▶ TASK REQUIREMENTS
The job is to output each record exactly as it stands, pictures excluded.

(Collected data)
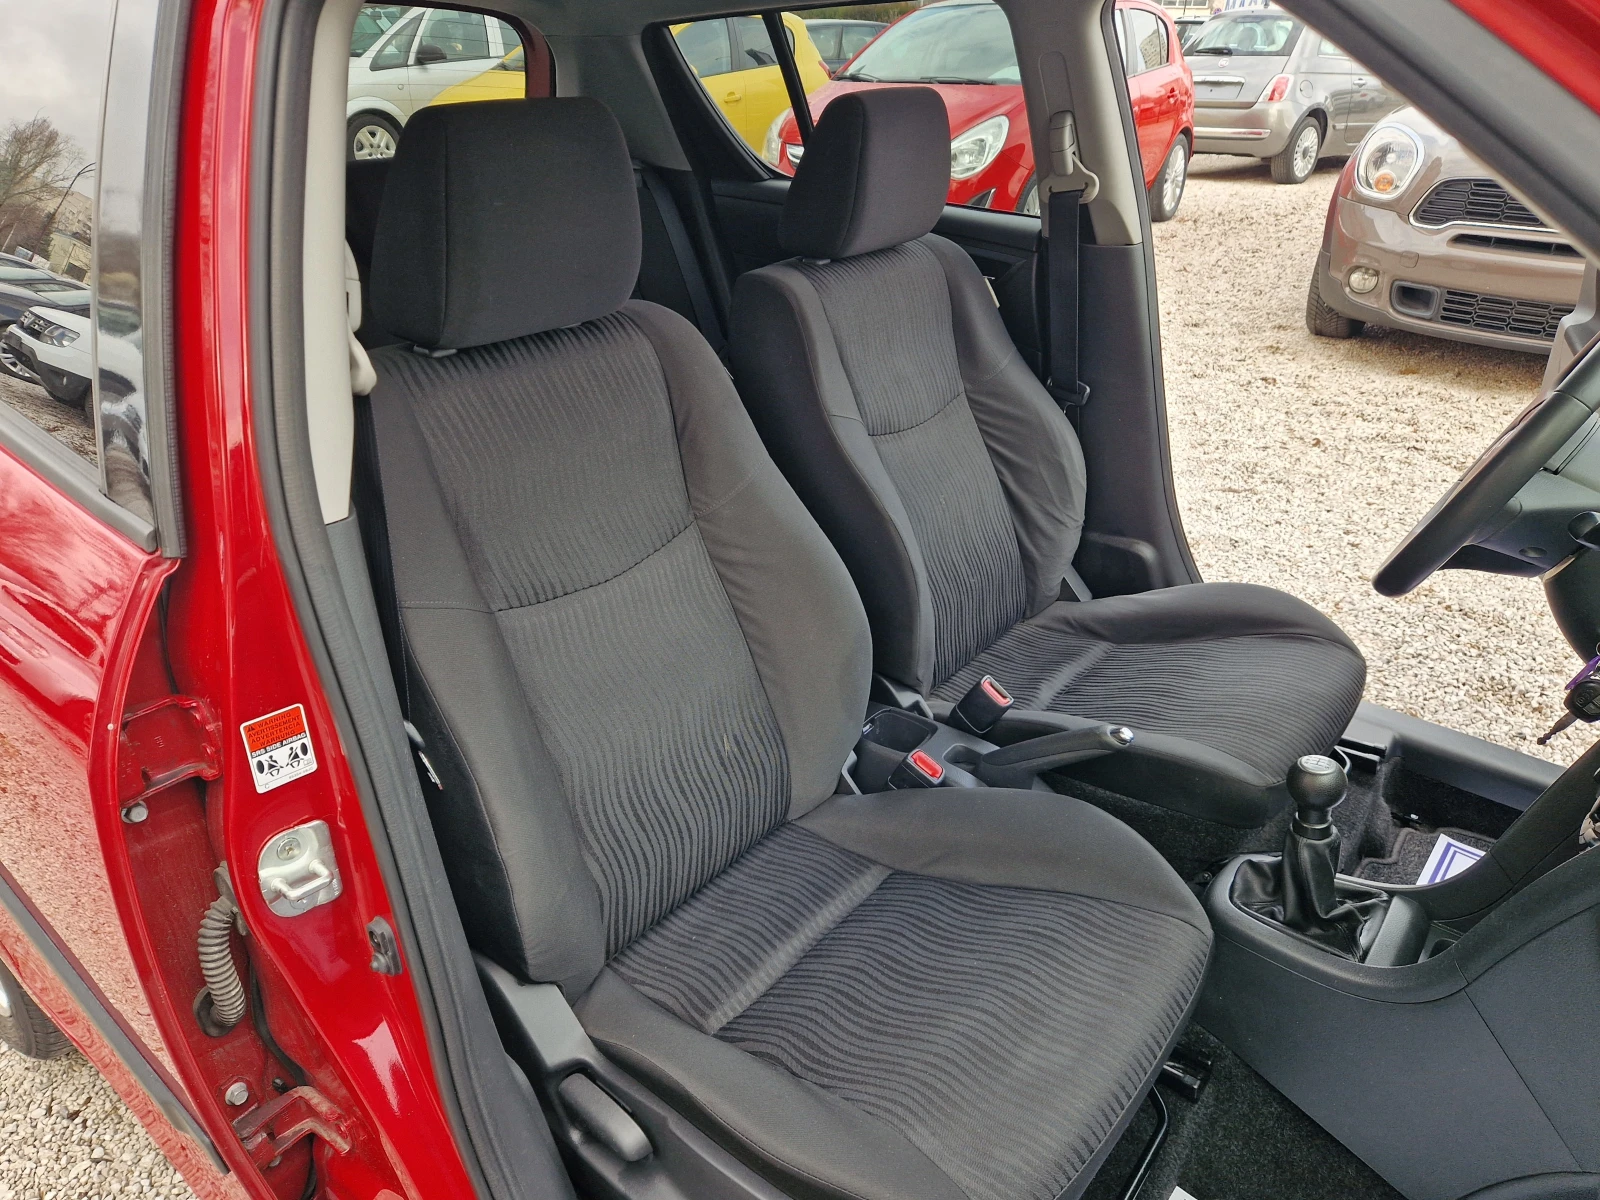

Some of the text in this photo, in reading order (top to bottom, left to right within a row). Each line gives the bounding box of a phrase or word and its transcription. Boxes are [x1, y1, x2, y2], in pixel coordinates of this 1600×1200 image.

[248, 715, 301, 739] AVERTISSEMENT
[257, 712, 292, 729] WARNING
[251, 721, 301, 744] ADVERTENCIA
[260, 729, 296, 747] WARNUNG
[251, 732, 307, 758] SRS SIDE AIRBAG

▶ COMPLETED EXERCISE
Some of the text in this photo, in reading order (top to bottom, left to right within a row). Each line gives the bounding box of a phrase or word and its transcription. Boxes are [x1, y1, x2, y2], in pixel coordinates of this 1600×1200 image.

[248, 715, 301, 739] AVERTISSEMENT
[257, 712, 292, 729] WARNING
[251, 721, 301, 744] ADVERTENCIA
[260, 729, 296, 747] WARNUNG
[251, 732, 307, 758] SRS SIDE AIRBAG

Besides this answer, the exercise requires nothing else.